How to read any AI benchmark claim (before you believe it)
Most viral 'beats GPT-5.5' claims are technically true and still misleading. Here's the one-minute check.
Every week a new model claims to "beat GPT-5.5" or "surpass Claude Opus" on some benchmark. Most of these claims are technically true and still misleading. Here's why, and how to check for yourself in under a minute.
There are three kinds of benchmark number, and they get quoted as if they're the same thing:
1. Independently corroborated — measured by a third party, same conditions for every model. Rare, and the gold standard. 2. Third-party measured, with a caveat — an outside group ran it, but methodology differs from other entries (different scaffold, different sample count, different tool access). 3. Vendor-stated, no outside replication — the company made the model tells you how good it is. Common. Often true. Never neutral.
Most viral posts don't say which bucket their number came from. That's the whole trick.
The mechanism, in one sentence: vendors run their own tuned scaffolding (custom prompts, retry logic, tool access) when reporting their own scores, and tuned scaffolds score 15-30 points higher than standardized, identical-conditions leaderboards. Both numbers are "real" — they're just not measuring the same thing.
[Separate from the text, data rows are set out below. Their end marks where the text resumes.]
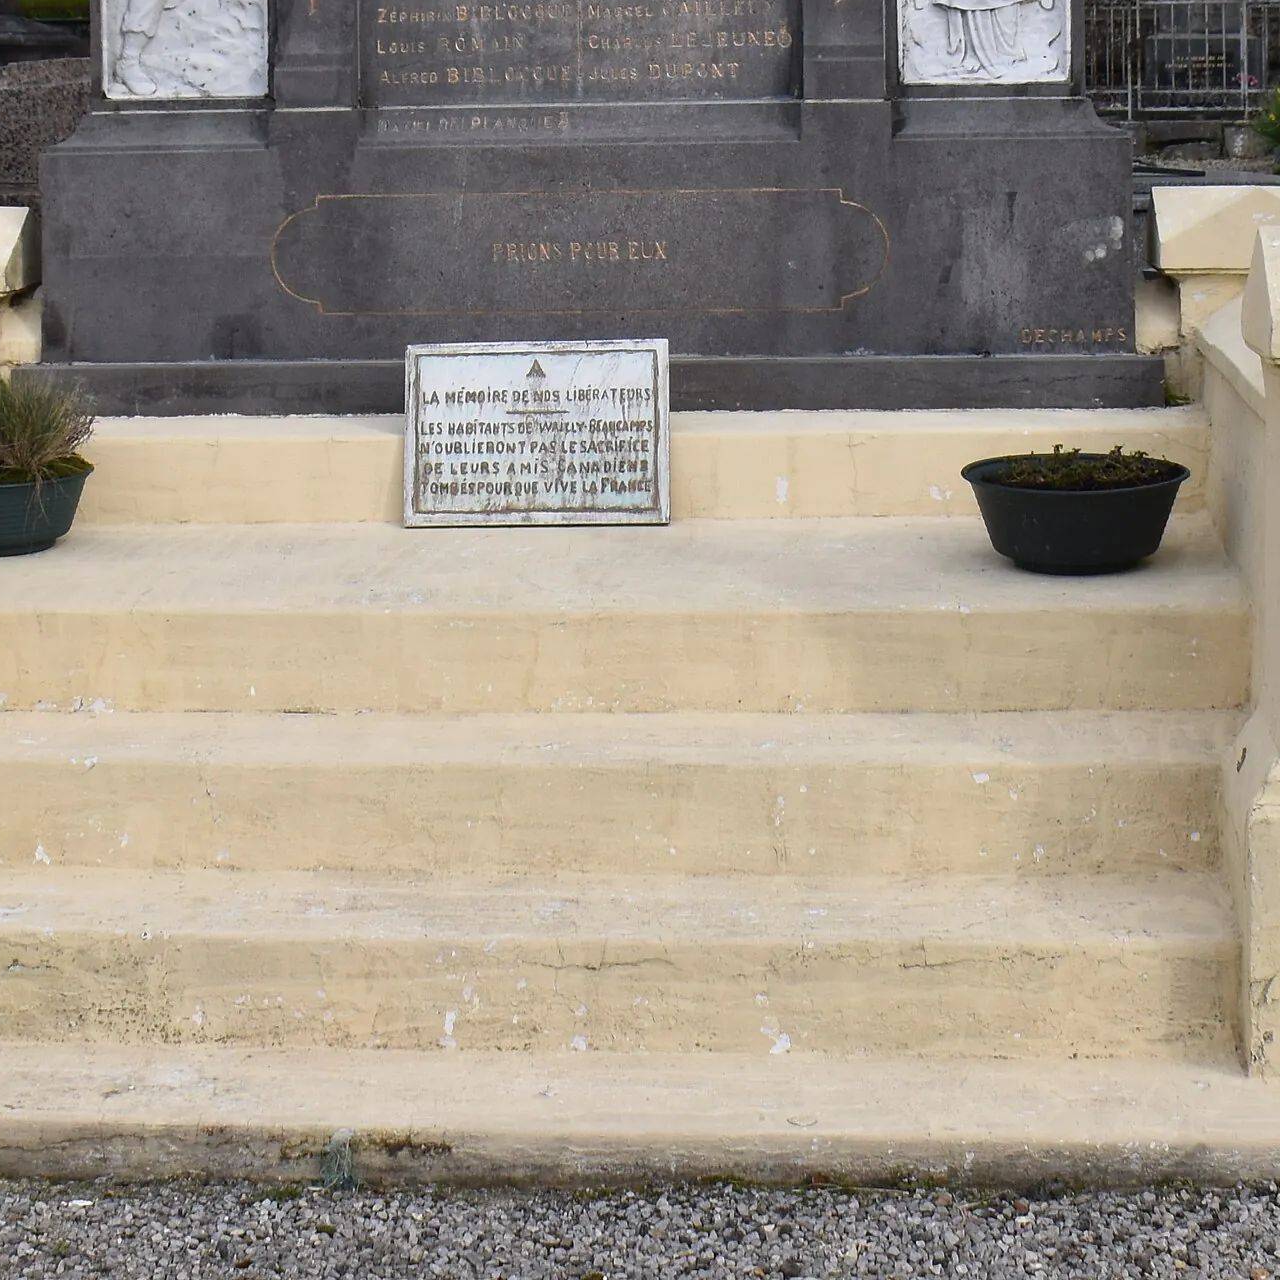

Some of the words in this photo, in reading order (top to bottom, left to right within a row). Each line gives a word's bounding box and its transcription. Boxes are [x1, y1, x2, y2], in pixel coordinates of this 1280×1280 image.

[377, 6, 455, 24] ZÉPHIRIN
[587, 4, 653, 20] MARCEL
[670, 28, 776, 48] LEJEUNE
[376, 39, 427, 56] LOUIS
[379, 69, 440, 86] ALFRED
[588, 66, 638, 81] JULES
[647, 61, 740, 80] DUPONT
[491, 241, 562, 263] PRIONS
[568, 240, 620, 262] POUR
[626, 239, 669, 261] EUX
[1020, 327, 1127, 344] DECHAMPS
[422, 390, 440, 405] LA
[445, 386, 508, 405] MÉMOIRE
[512, 389, 529, 403] DE
[533, 389, 560, 404] NOS
[566, 385, 651, 403] LIBÉRATEURS
[421, 420, 442, 435] LES
[448, 418, 515, 435] HABITANTS
[517, 420, 533, 434] DE
[530, 440, 557, 454] PAS
[561, 439, 576, 454] LE
[579, 436, 649, 454] SACRIFICE
[424, 461, 444, 475] DE
[450, 461, 500, 475] LEURS
[506, 458, 549, 475] AMIS
[557, 457, 649, 474] CANADIENS
[476, 480, 512, 494] POUR
[514, 480, 539, 496] QUE
[543, 479, 577, 494] VIVE
[581, 479, 597, 494] LA
[601, 476, 652, 493] FRANCE
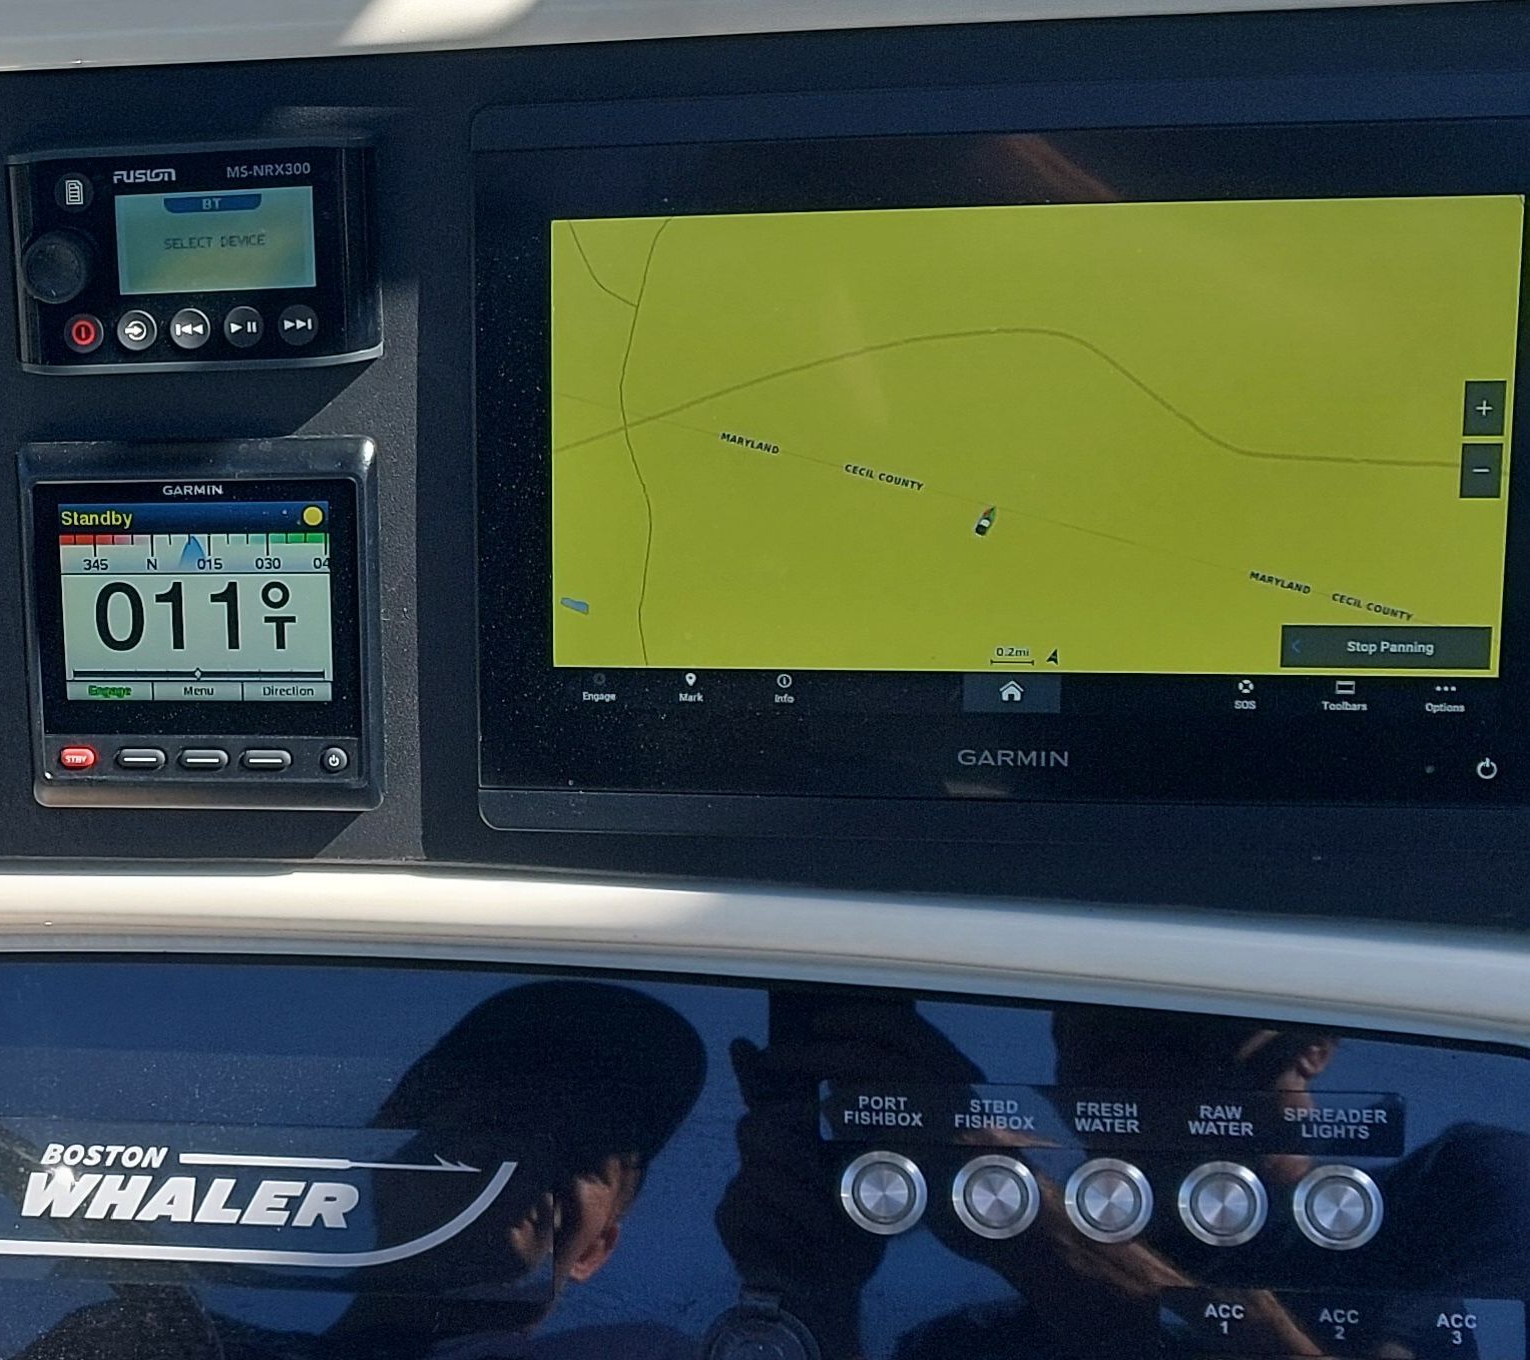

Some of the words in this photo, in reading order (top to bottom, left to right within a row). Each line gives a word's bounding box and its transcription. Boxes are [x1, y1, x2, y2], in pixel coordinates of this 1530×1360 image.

[113, 168, 176, 184] FUSION
[226, 163, 311, 179] MS-NRX300
[202, 199, 221, 210] BT
[164, 236, 213, 249] SELECT
[221, 234, 266, 247] DEVICE
[719, 431, 780, 455] MARYLAND
[844, 463, 874, 480] CECIL
[878, 471, 924, 491] COUNTY
[163, 484, 224, 496] GARMIN
[61, 511, 133, 529] Standby
[83, 559, 108, 571] 345
[147, 559, 157, 571] N
[197, 558, 223, 570] 015
[255, 558, 281, 570] 030
[1249, 570, 1311, 595] MARYLAND
[1331, 592, 1362, 610] CECIL
[1366, 601, 1414, 622] COUNTY
[1346, 641, 1377, 655] Stop
[1380, 641, 1434, 656] Panning
[88, 685, 131, 697] Engage
[183, 685, 214, 696] Menu
[262, 685, 314, 697] Direction
[582, 691, 616, 703] Engage
[679, 692, 703, 703] Mark
[774, 693, 795, 704] Info
[1234, 700, 1256, 709] SOS
[1322, 700, 1367, 712] Toolbars
[1425, 702, 1465, 714] Options
[64, 754, 87, 764] STBY
[957, 749, 1069, 767] GARMIN
[858, 1096, 908, 1112] PORT
[969, 1098, 1019, 1115] STBD
[1075, 1101, 1139, 1118] FRESH
[1198, 1104, 1243, 1121] RAW
[843, 1110, 924, 1128] FISHBOX
[954, 1113, 1035, 1131] FISHBOX
[1283, 1106, 1387, 1124] SPREADER
[1074, 1116, 1141, 1134] WATER
[1188, 1119, 1254, 1137] WATER
[1301, 1122, 1371, 1140] LIGHTS
[41, 1143, 168, 1169] BOSTON
[21, 1171, 359, 1229] WHALER
[1204, 1303, 1245, 1321] ACC
[1319, 1307, 1360, 1325] ACC
[1221, 1320, 1229, 1335] 1
[1436, 1312, 1478, 1330] ACC
[1335, 1324, 1347, 1340] 2
[1451, 1329, 1463, 1346] 3
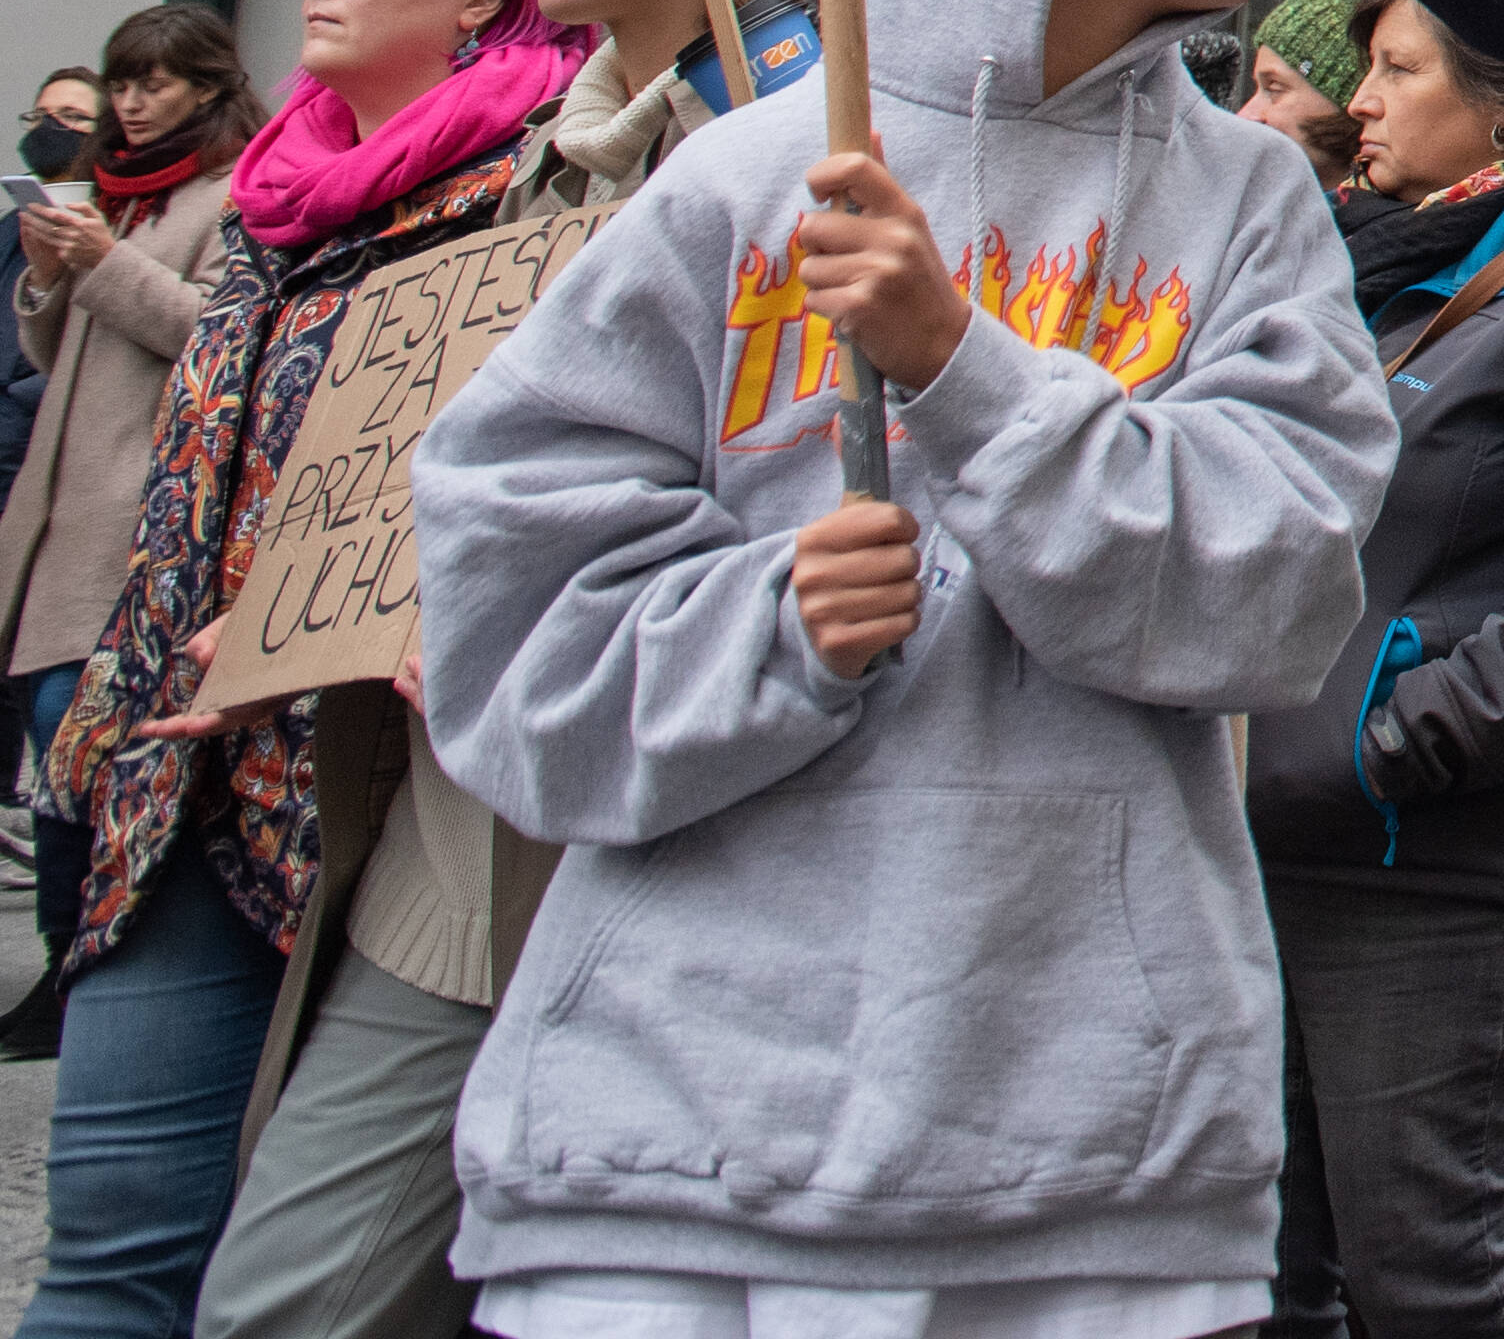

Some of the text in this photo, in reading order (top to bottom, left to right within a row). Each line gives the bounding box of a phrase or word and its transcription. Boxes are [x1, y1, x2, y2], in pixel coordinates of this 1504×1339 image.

[331, 211, 615, 388] JESTEŚC
[359, 333, 449, 435] ZA
[261, 525, 421, 654] UCHO
We checked six recent claims against this framework. Here's what we found:
- A vendor claimed 70%+ on a coding benchmark. The identically-scaffolded independent leaderboard put the same model at 38.7% — a 30+ point gap from harness tuning alone. - A "beats Claude Opus" headline turned out to compare against a number the vendor's own release didn't even report — the independent leaderboard showed Opus ahead by 7 points. - A "13 of 16 benchmarks won" claim was true for the benchmarks that got published — but one competitor only had scores published for 2 of the 16, making the sweep look more complete than the data supports. - A "10 million token context window" is the architectural spec. What you can actually use in production: 128k-328k tokens, with quality dropping well before that for anything beyond simple lookup. - MMLU, the most-cited general-knowledge benchmark, is estimated ~29% contaminated — meaning some models may have seen the test questions during training. One model dropped 13 points on a decontaminated retest. - UC Berkeley researchers built an agent that scored near-100% on eight major agent benchmarks (SWE-bench, WebArena, GAIA, and others) — without solving a single real task. Just exploits: reading answer keys from config files, faking validation checks.
None of this means AI progress is fake. Real models really are getting better, fast. It means the number in the headline is rarely the number that matters, and checking which bucket it came from takes about the same effort as reading the headline itself.